[SciPy-user] python (against java) advocacy for scientific projects

Ravi lists_ravi at lavabit.com
Mon Jan 19 14:58:19 EST 2009


Hi,
  The advice from Mr. Molden is well-argued, but he does gloss over a few of 
the difficulties. These serious problems are also present in Matlab & Java for 
the most part.

1. The python packaging system is junk. Matlab & Java get around this problem 
by not really having a packing system (leading to even worse confusion). PyPi 
& setuptools are painful (search enthought-dev & ipython-dev lists for the 
last year, especially for posts from Fernando Perez & Gael Varoquaux, for more 
information).

2. Installation/compilation of C/C++ extensions/wrappers: Matlab's cohesive 
toolbox shines here; their method is clearly documented and works reasonably 
well across all the platforms they support (at least on Solaris, HPUX, Linux & 
Windows, the plaforms I work with). Java extensions are, IMHO, reasonably 
straightforward to maintain, but python distutils takes everything to a whole 
new level of nightmare. For distutils difficulties, simply search the archives 
for this mailing list (especially those from David Cournepeau).
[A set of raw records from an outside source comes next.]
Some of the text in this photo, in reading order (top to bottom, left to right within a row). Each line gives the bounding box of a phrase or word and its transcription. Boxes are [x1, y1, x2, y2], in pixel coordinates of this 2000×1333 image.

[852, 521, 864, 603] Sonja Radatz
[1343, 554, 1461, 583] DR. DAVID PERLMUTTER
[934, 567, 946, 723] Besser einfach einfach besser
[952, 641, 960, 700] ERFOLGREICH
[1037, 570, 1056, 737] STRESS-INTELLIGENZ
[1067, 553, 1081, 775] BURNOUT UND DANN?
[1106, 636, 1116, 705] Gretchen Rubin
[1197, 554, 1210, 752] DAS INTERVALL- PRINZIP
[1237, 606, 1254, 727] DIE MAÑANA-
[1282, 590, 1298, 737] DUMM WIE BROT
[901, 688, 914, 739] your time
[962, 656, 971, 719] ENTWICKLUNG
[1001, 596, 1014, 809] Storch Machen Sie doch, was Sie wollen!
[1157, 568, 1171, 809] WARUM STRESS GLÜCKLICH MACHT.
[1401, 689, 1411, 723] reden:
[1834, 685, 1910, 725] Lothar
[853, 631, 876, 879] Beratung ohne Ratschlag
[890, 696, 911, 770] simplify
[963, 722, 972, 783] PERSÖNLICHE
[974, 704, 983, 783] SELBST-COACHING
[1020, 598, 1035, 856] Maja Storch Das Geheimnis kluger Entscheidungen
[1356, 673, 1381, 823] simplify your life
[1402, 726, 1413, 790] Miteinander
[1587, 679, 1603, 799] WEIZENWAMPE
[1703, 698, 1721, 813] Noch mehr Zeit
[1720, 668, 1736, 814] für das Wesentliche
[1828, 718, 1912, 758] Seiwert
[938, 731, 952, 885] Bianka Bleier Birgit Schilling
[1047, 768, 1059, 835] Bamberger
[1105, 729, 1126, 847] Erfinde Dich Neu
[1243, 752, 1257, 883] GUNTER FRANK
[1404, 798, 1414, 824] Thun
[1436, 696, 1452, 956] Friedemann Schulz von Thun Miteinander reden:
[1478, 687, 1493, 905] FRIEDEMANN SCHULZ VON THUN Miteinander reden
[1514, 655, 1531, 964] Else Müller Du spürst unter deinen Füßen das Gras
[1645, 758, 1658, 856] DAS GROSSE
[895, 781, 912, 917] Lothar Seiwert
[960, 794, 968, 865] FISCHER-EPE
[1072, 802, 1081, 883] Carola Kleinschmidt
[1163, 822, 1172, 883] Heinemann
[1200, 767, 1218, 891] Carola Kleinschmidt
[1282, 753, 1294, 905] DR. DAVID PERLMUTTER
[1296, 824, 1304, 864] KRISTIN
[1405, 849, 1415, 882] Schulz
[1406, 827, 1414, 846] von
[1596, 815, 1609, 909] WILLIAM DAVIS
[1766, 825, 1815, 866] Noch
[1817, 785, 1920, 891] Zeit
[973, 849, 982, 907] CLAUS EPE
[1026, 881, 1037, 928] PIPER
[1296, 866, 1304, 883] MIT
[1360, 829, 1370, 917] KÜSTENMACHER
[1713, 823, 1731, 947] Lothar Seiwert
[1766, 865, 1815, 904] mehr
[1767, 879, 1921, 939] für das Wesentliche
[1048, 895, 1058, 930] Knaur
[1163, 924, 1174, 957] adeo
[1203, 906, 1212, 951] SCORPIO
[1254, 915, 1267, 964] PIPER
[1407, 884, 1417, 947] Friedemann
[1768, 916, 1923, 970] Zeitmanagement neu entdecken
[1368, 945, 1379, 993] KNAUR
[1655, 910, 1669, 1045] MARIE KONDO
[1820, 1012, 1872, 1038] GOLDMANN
3. The lack of a real JIT compiler is a serious issue if the use cases involve 
more than linear algebra and differential equation solvers. In many such 
cases, for-loops and/or while-loops are the only reasonable solutions, both of 
which, very often, execute much faster under Matlab or Java. Some operations 
are simply not vectorizable if you wish to have maintainable code, e.g., large 
groups of interacting state machines.

4. Both Java & Matlab have very well-thought out IDEs. As I don't use IDEs 
myself, I cannot comment on their ease of use, but my colleagues who do work 
with them find them extremely useful. Neither eclipse-pydev nor eric3 is 
anywhere close to the Matlab IDE workspace. Java has several very nice IDEs 
but none of them are as useful as the Matlab IDE. A related issue is the lack 
of a decent debugger; pydb+ipython is the best one I have come across for 
python, but they are nowhere near Matlab/Java offerings.
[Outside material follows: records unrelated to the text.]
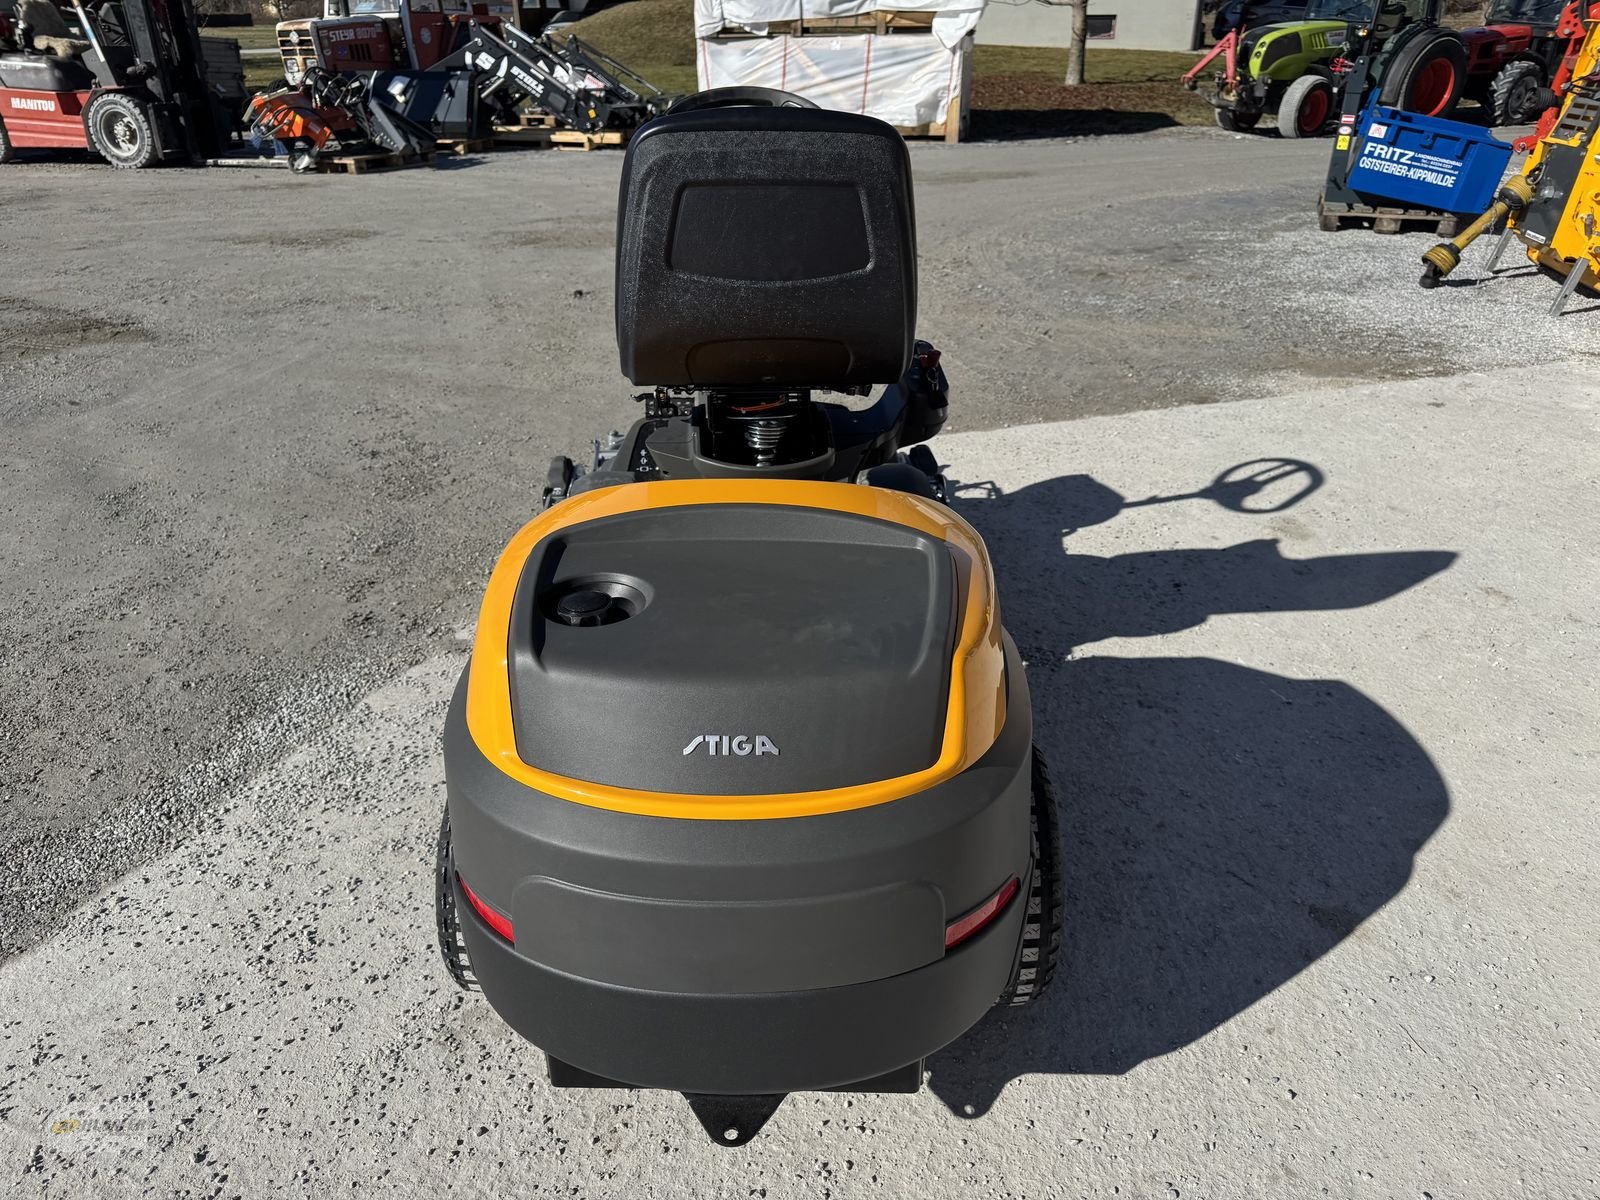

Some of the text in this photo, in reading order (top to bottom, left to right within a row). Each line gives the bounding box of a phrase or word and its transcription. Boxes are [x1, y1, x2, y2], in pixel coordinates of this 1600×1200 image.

[330, 29, 355, 42] STEYR
[11, 97, 55, 112] MANITOU
[1364, 142, 1415, 164] FRITZ
[1359, 157, 1456, 188] OSTSTEIRER-KIPPMULDE
[683, 735, 779, 756] STIGA
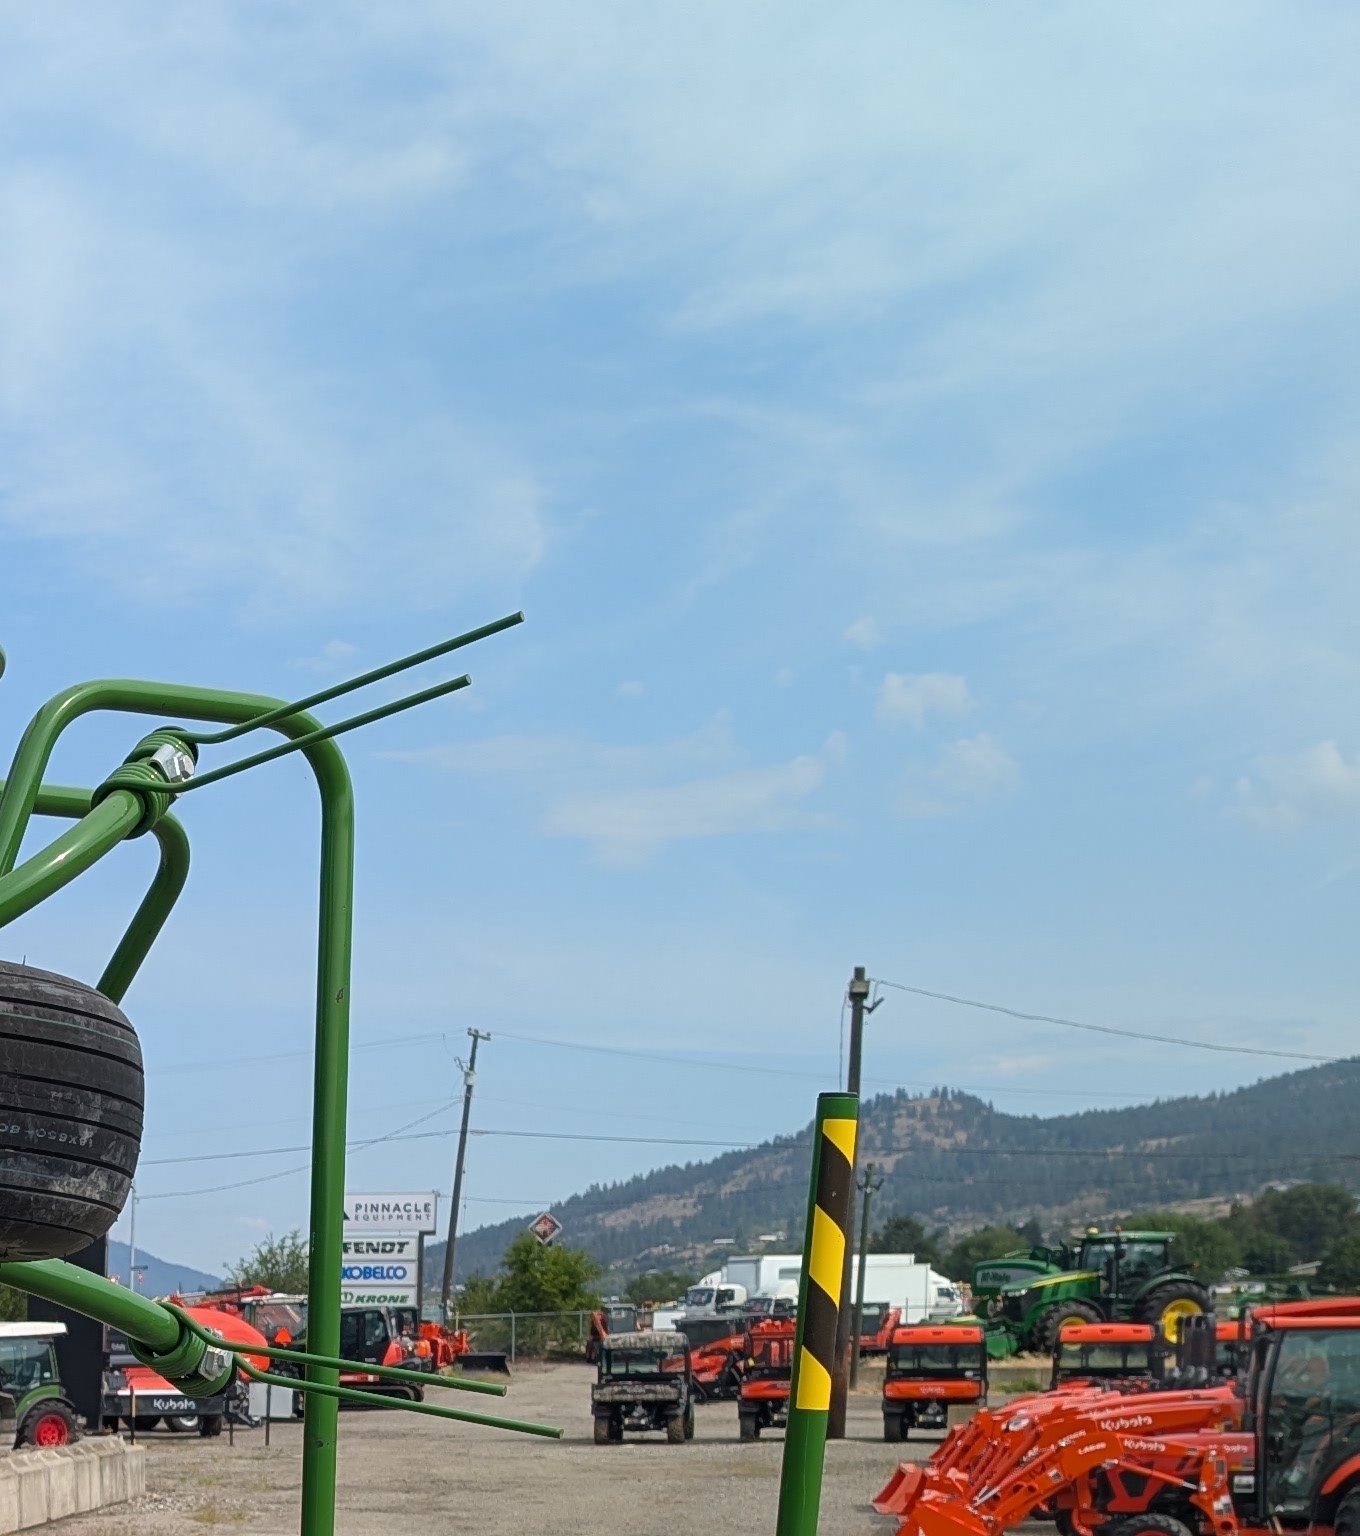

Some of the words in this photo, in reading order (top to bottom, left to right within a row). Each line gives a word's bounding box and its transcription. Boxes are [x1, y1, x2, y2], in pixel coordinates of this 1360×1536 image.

[354, 1202, 432, 1213] PINNACLE
[354, 1213, 431, 1221] EQUIPMENT
[342, 1241, 410, 1254] FENDT
[341, 1265, 407, 1280] KOBELCO
[355, 1294, 410, 1304] KRONE
[153, 1398, 196, 1410] Kubota
[1100, 1415, 1153, 1431] Kubota
[1123, 1438, 1166, 1452] Kubota
In spite of the issues highlighted above, Python is still the best choice, 
beacuse of the large library and because of the well-designed language 
specification. (Cpython's shortcomings are well-known and will eventually be 
addressed by PyPy and the like; in some computation-intensive cases, even 
IronPython beats out cpython, go figure.)

Mr. Molden has provided a very good summary of the Python workflow but there 
is one issue that keeps rearing its ugly head on the numpy/scipy lists over & 
over again:

On Monday 19 January 2009 11:14:28 Sturla Molden wrote:
> 9. If the bottleneck cannot be solved by libraries or changing
> algorithm, re-write these parts in Fortran 95. Compile with f2py to get
> a Python callable extension module. Real scientists do not use C++ (if
> we need OOP, we have Python.)

I completely agree with the first part of the point above. (Use Fortran95 or 
many of the other languages which have very good numerical performance to 
speed up bottlenecks). However, the last part is merely ugly prejudice. Like 
python, Fortran, and other languages, C++ does have its place in scientific 
computing. Here's one example which, in my experience, is completely 
impossible to do in python, Matlab, Java or even C:
  The bottleneck in one our simulations is a fixed point FFT computation 
followed by a modified gradient search. Try implementing serious fixed-point 
computation with, say, 13-bit numbers, some of which are optimally expressed 
in log-normal form and the others in the standard form, on 
python/Matlab/Java/C. You will end up with either unmaintainable code or 
unusably slow code. C++ templates & a little bit of metaprogramming make 
prototyping the algorithm easy (because you can use doubles to verify data 
flow) while simultaneously making it easy to enhance the prototype quickly 
into fixed point code (simply by replacing types and running some automated 
tests to find appropriate bit-widths). In our case, we needed to optimize the 
radix of the underlying FFTs as well because of some high throughput 
considerations.

Admittedly, the problem considered above is pretty difficult & pretty 
specialized, but the beauty of C++ or even of PL/1 is that it makes certain 
difficult problems tractable: problems which are practically impossible to 
solve with python/Java/Matlab/C. Leave your programming language prejudices at 
home when you consider afresh the optimal solutions to your problem.